» **Task brief**
The entries below should be repeated exactly, with no pictures carried over.

◇ ◇ ◇ ◇ ◇ ◇ ◇

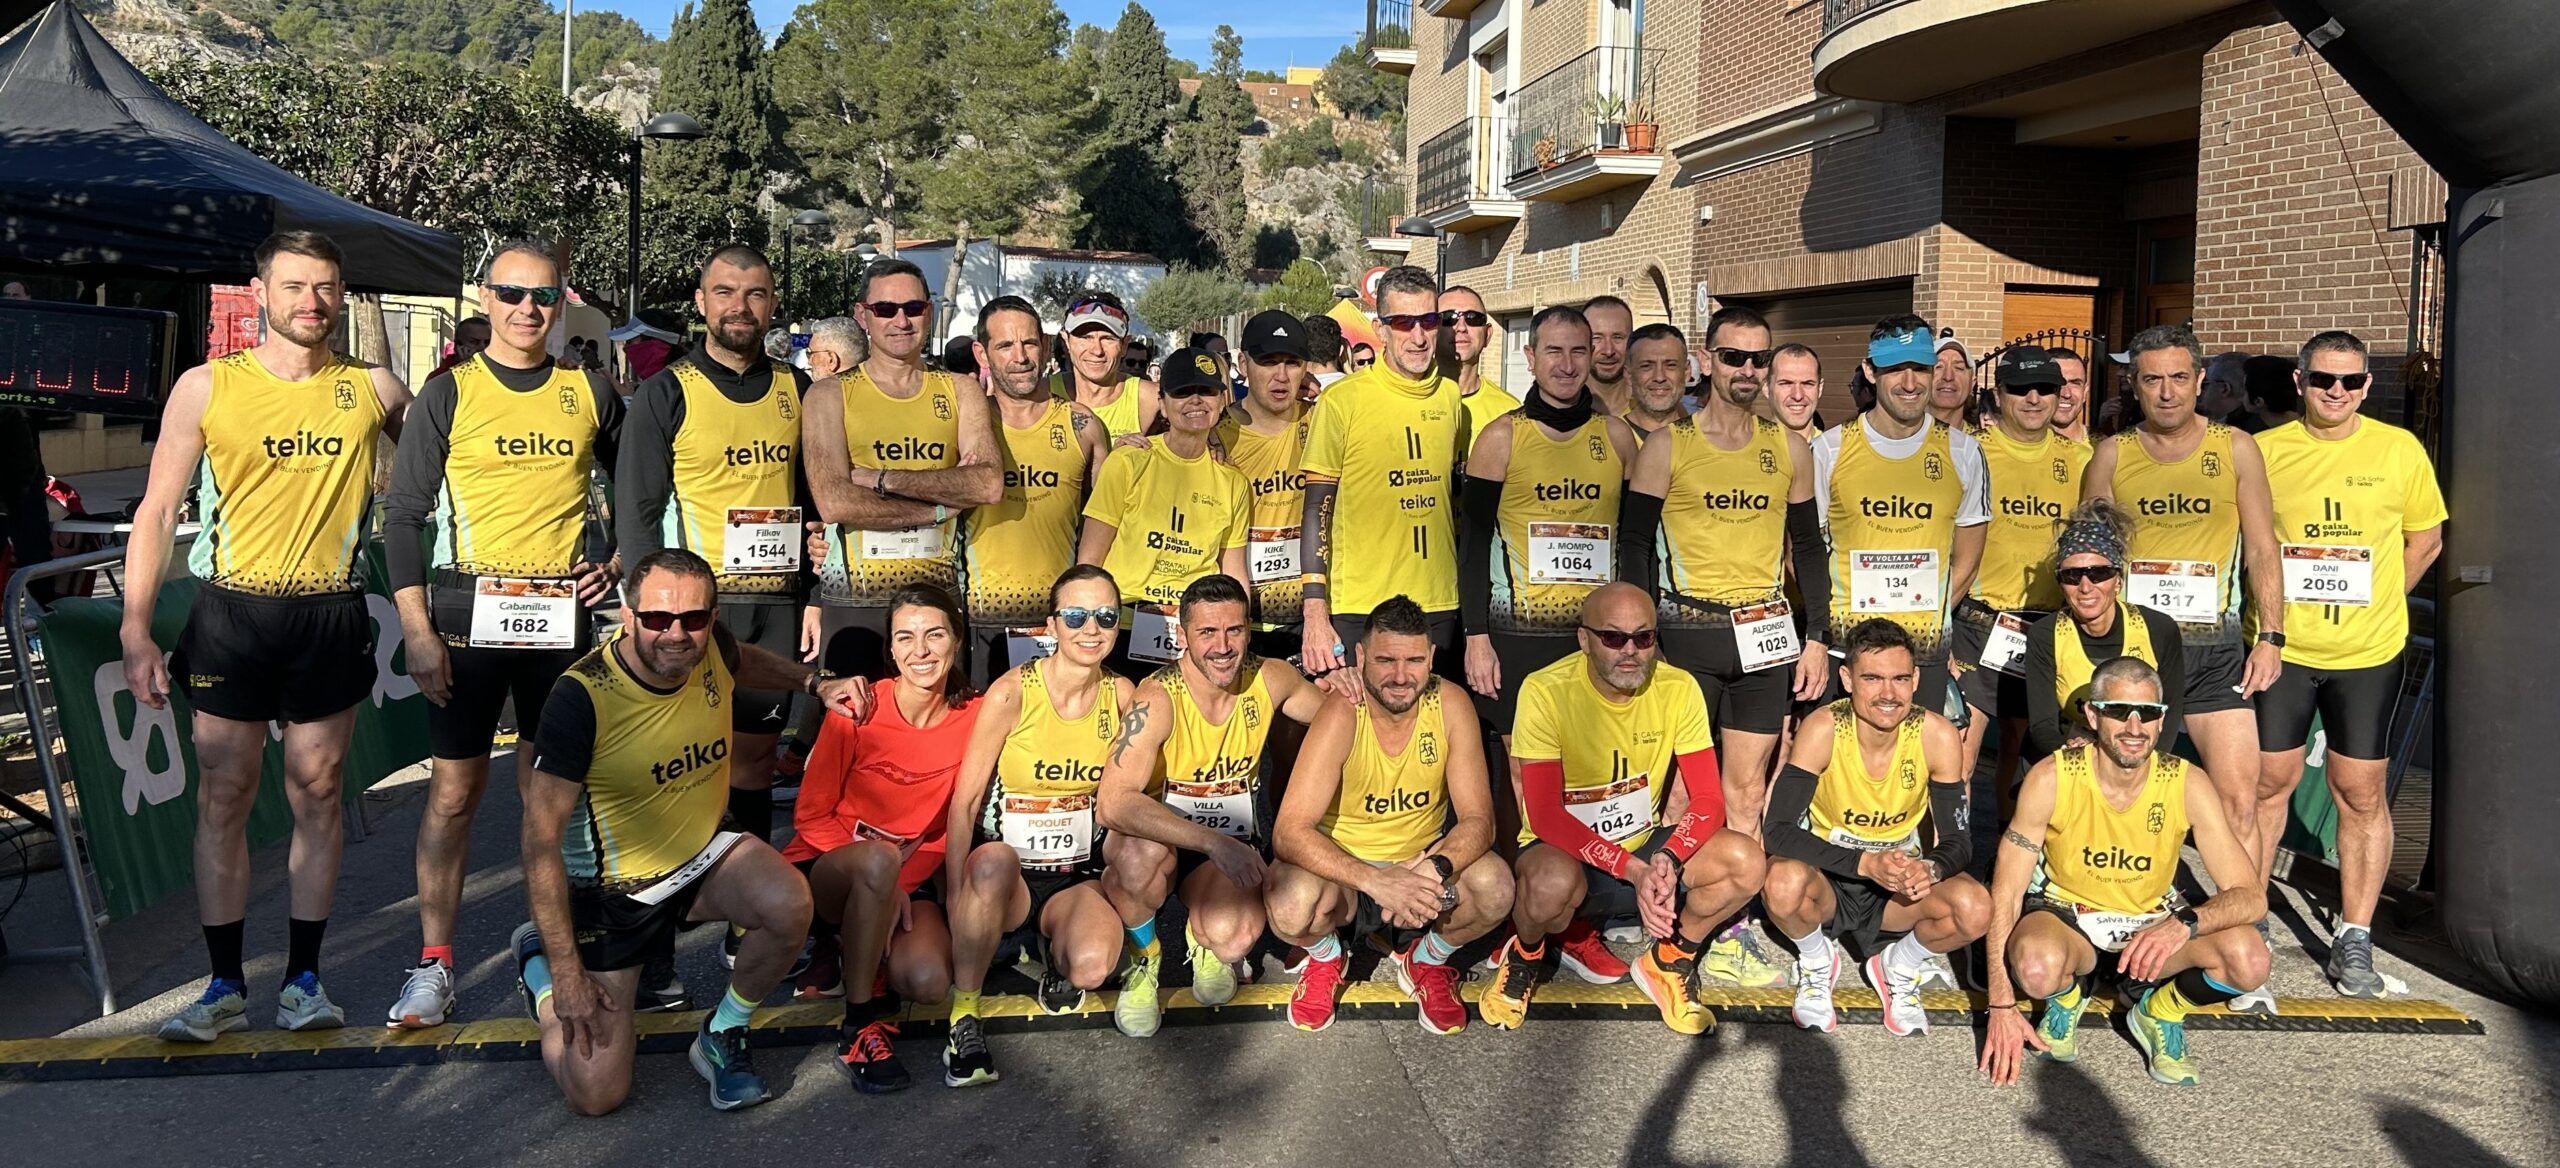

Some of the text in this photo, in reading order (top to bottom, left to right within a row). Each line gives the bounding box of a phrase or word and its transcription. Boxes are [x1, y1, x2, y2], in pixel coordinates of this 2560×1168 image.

[263, 430, 342, 458] teika
[495, 432, 574, 456] teika
[873, 437, 945, 460] teika
[725, 440, 791, 466] teika
[1004, 464, 1058, 487] eika
[1406, 468, 1430, 476] caixa
[1406, 475, 1441, 485] popular
[1535, 478, 1600, 500] teika
[1400, 494, 1435, 509] teika
[1703, 489, 1769, 510] teika
[2000, 495, 2061, 517] teika
[2137, 493, 2210, 515] teika
[1860, 495, 1932, 519] teika
[756, 529, 781, 537] Filkov
[1876, 524, 1893, 533] BUEN
[1895, 523, 1924, 533] VENDING
[1166, 536, 1189, 546] caixa
[1558, 541, 1594, 551] MOMPÓ
[748, 544, 786, 558] 1544
[1164, 543, 1203, 556] popular
[1265, 546, 1284, 554] KIKE
[1255, 558, 1290, 573] 1293
[1551, 557, 1592, 571] 1064
[2313, 565, 2338, 573] DANI
[1885, 577, 1908, 588] 134
[2159, 579, 2185, 587] DANI
[2303, 578, 2348, 591] 2050
[499, 602, 551, 611] Cabanillas
[2150, 593, 2194, 607] 1317
[500, 618, 548, 632] 1682
[1752, 622, 1785, 634] ALFONSO
[1757, 636, 1788, 654] 1029
[651, 737, 727, 785] teika
[1193, 755, 1252, 782] teika
[1365, 788, 1430, 815] teika
[1600, 802, 1619, 813] AJC
[1028, 817, 1073, 827] POQUET
[1590, 813, 1634, 834] 1042
[1843, 808, 1908, 827] teika
[1027, 834, 1073, 850] 1179
[2083, 846, 2152, 871] teika
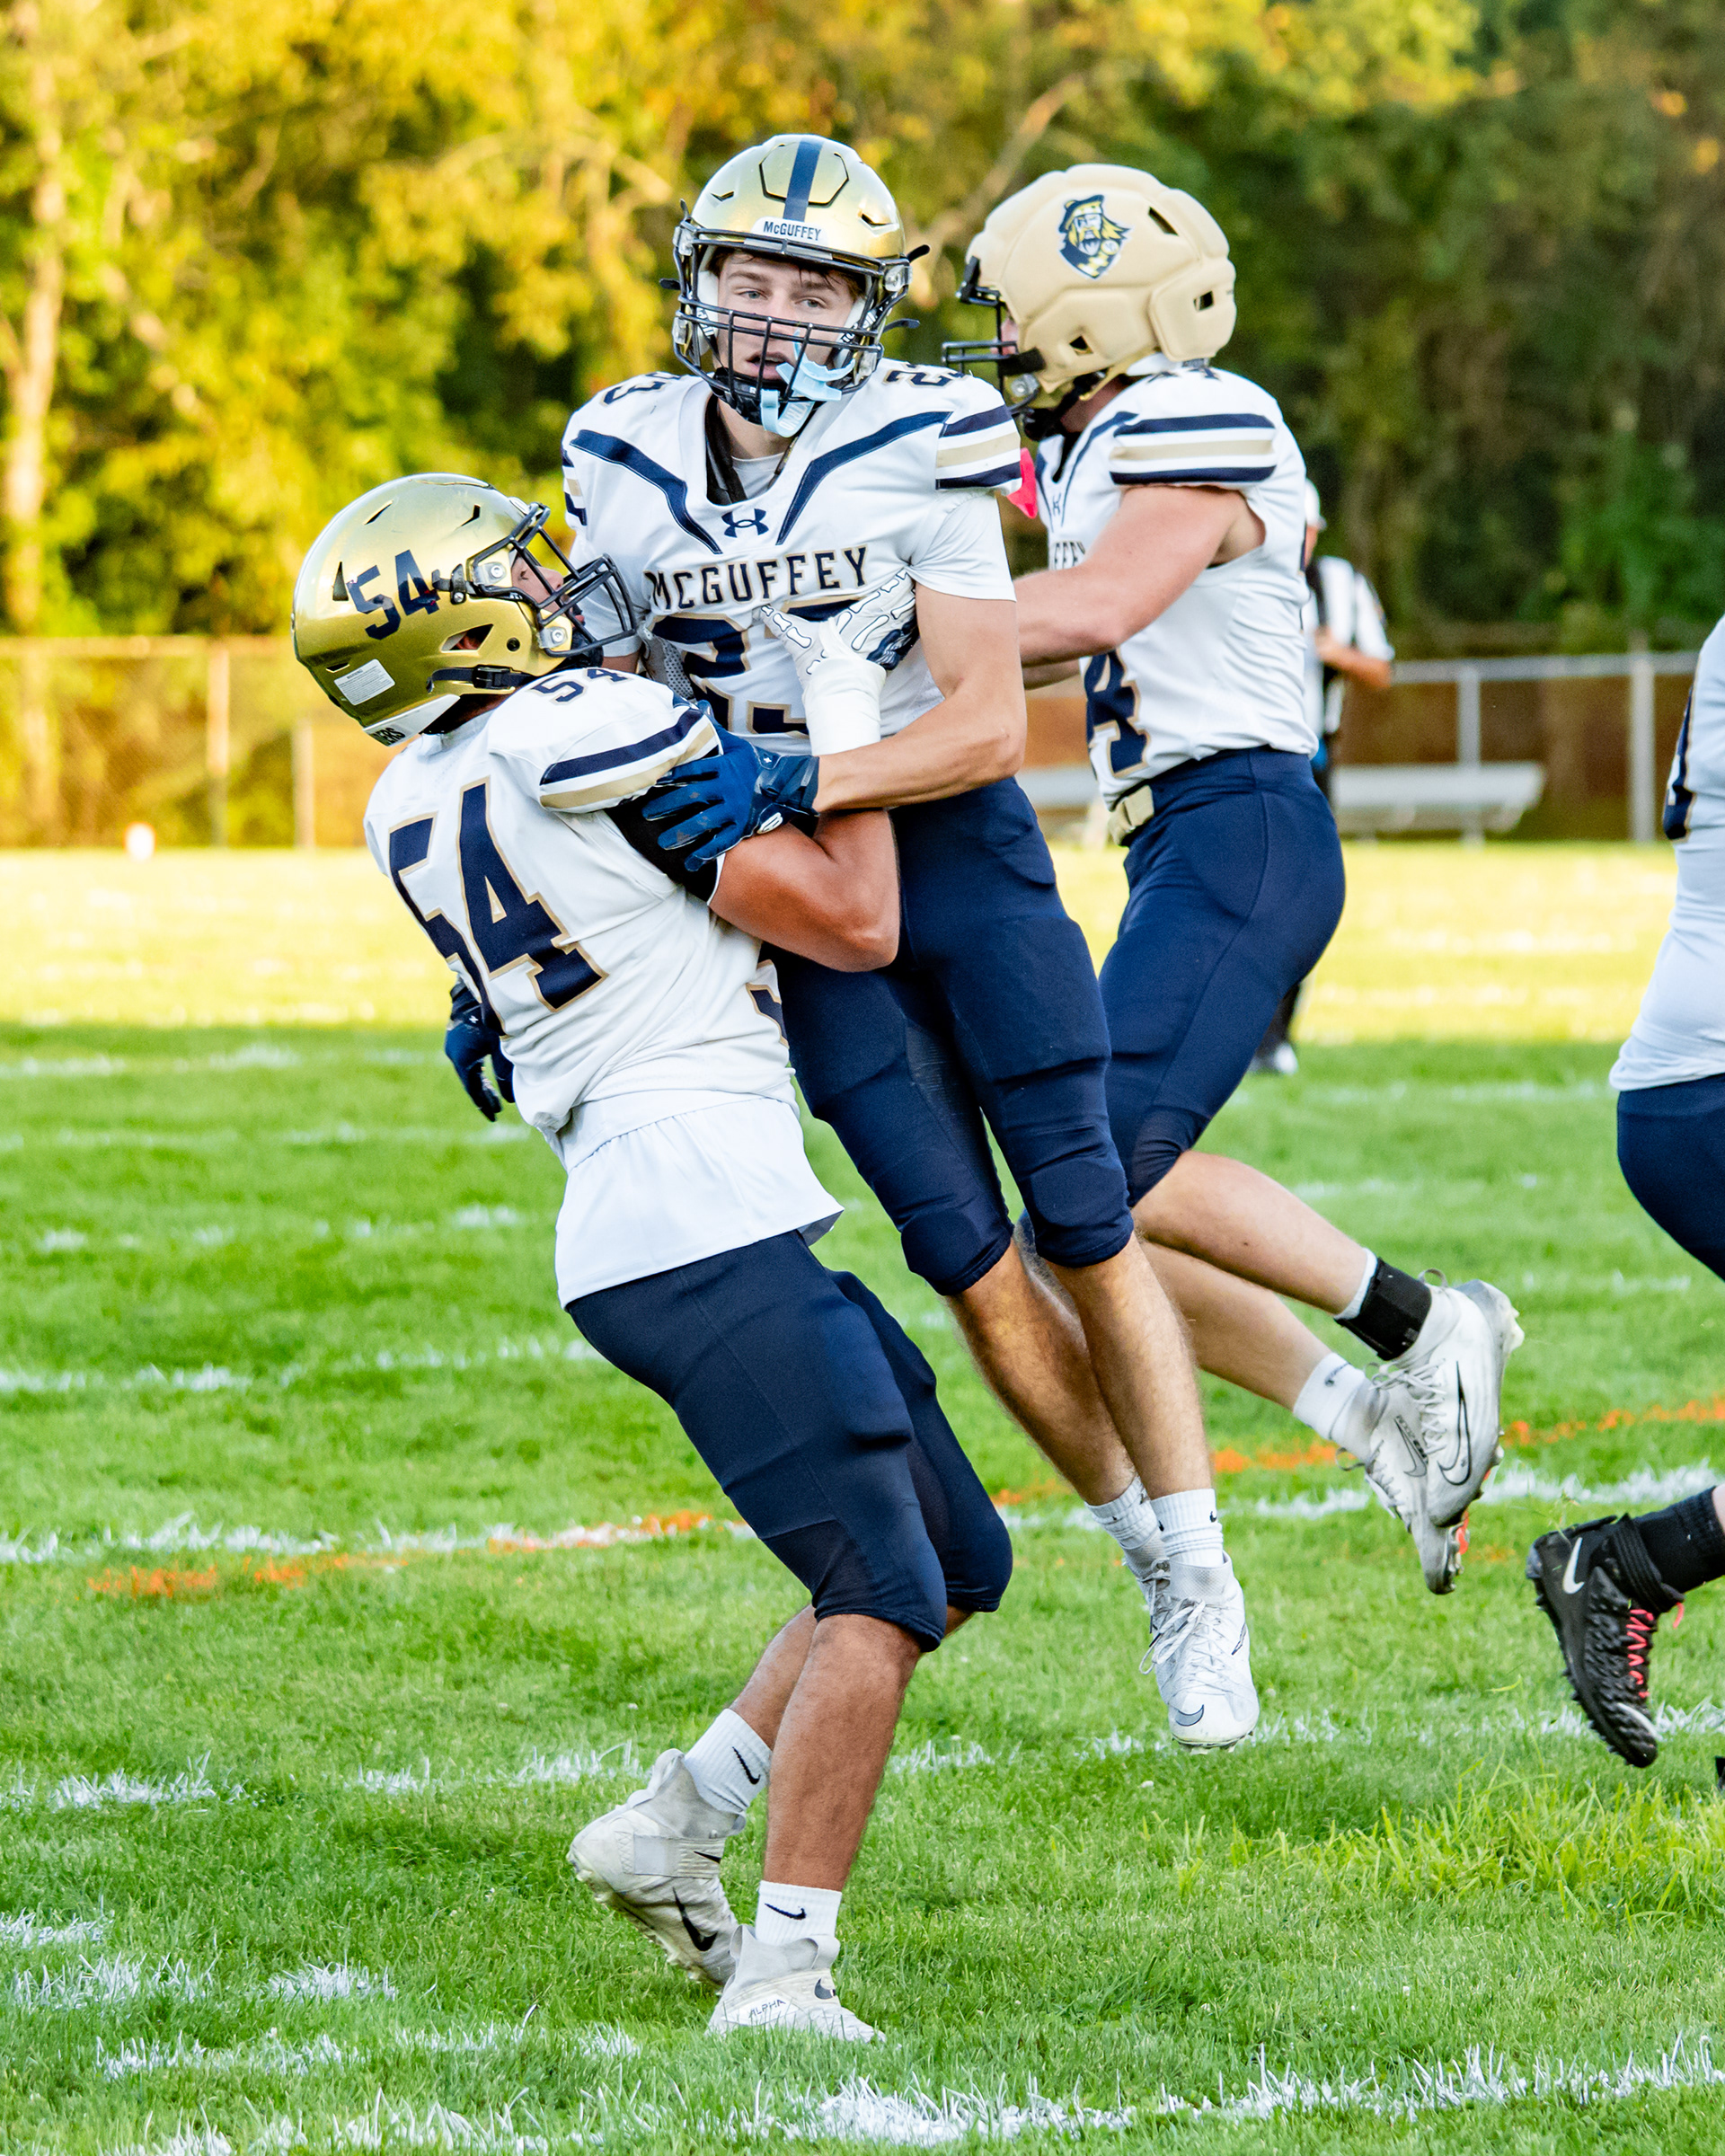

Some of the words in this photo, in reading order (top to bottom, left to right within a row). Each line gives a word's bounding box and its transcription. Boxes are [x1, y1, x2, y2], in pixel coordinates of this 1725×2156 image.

[762, 220, 822, 242] McGUFFEY
[346, 549, 441, 641] 54
[643, 544, 868, 611] MCGUFFEY
[525, 667, 634, 706] 54
[387, 774, 610, 1042] 54
[748, 1999, 787, 2019] ALPHA

◇ ◇ ◇ ◇ ◇ ◇ ◇

» **Response**
Some of the text in this photo, in reading order (top to bottom, left to right within a row). Each line gives the bounding box of a phrase or word and its transcription. Boxes are [x1, y1, x2, y2], in pixel coordinates of this 2560×1168 image.

[263, 430, 342, 458] teika
[495, 432, 574, 456] teika
[873, 437, 945, 460] teika
[725, 440, 791, 466] teika
[1004, 464, 1058, 487] eika
[1406, 468, 1430, 476] caixa
[1406, 475, 1441, 485] popular
[1535, 478, 1600, 500] teika
[1400, 494, 1435, 509] teika
[1703, 489, 1769, 510] teika
[2000, 495, 2061, 517] teika
[2137, 493, 2210, 515] teika
[1860, 495, 1932, 519] teika
[756, 529, 781, 537] Filkov
[1876, 524, 1893, 533] BUEN
[1895, 523, 1924, 533] VENDING
[1166, 536, 1189, 546] caixa
[1558, 541, 1594, 551] MOMPÓ
[748, 544, 786, 558] 1544
[1164, 543, 1203, 556] popular
[1265, 546, 1284, 554] KIKE
[1255, 558, 1290, 573] 1293
[1551, 557, 1592, 571] 1064
[2313, 565, 2338, 573] DANI
[1885, 577, 1908, 588] 134
[2159, 579, 2185, 587] DANI
[2303, 578, 2348, 591] 2050
[499, 602, 551, 611] Cabanillas
[2150, 593, 2194, 607] 1317
[500, 618, 548, 632] 1682
[1752, 622, 1785, 634] ALFONSO
[1757, 636, 1788, 654] 1029
[651, 737, 727, 785] teika
[1193, 755, 1252, 782] teika
[1365, 788, 1430, 815] teika
[1600, 802, 1619, 813] AJC
[1028, 817, 1073, 827] POQUET
[1590, 813, 1634, 834] 1042
[1843, 808, 1908, 827] teika
[1027, 834, 1073, 850] 1179
[2083, 846, 2152, 871] teika

Some of the words in this photo, in reading order (top to bottom, left to right within a row). Each line gives a word's bounding box and its transcription. Boxes are [x1, y1, x2, y2], in pixel coordinates of this 1725×2156 image.

[762, 220, 822, 242] McGUFFEY
[346, 549, 441, 641] 54
[643, 544, 868, 611] MCGUFFEY
[525, 667, 634, 706] 54
[387, 774, 610, 1042] 54
[748, 1999, 787, 2019] ALPHA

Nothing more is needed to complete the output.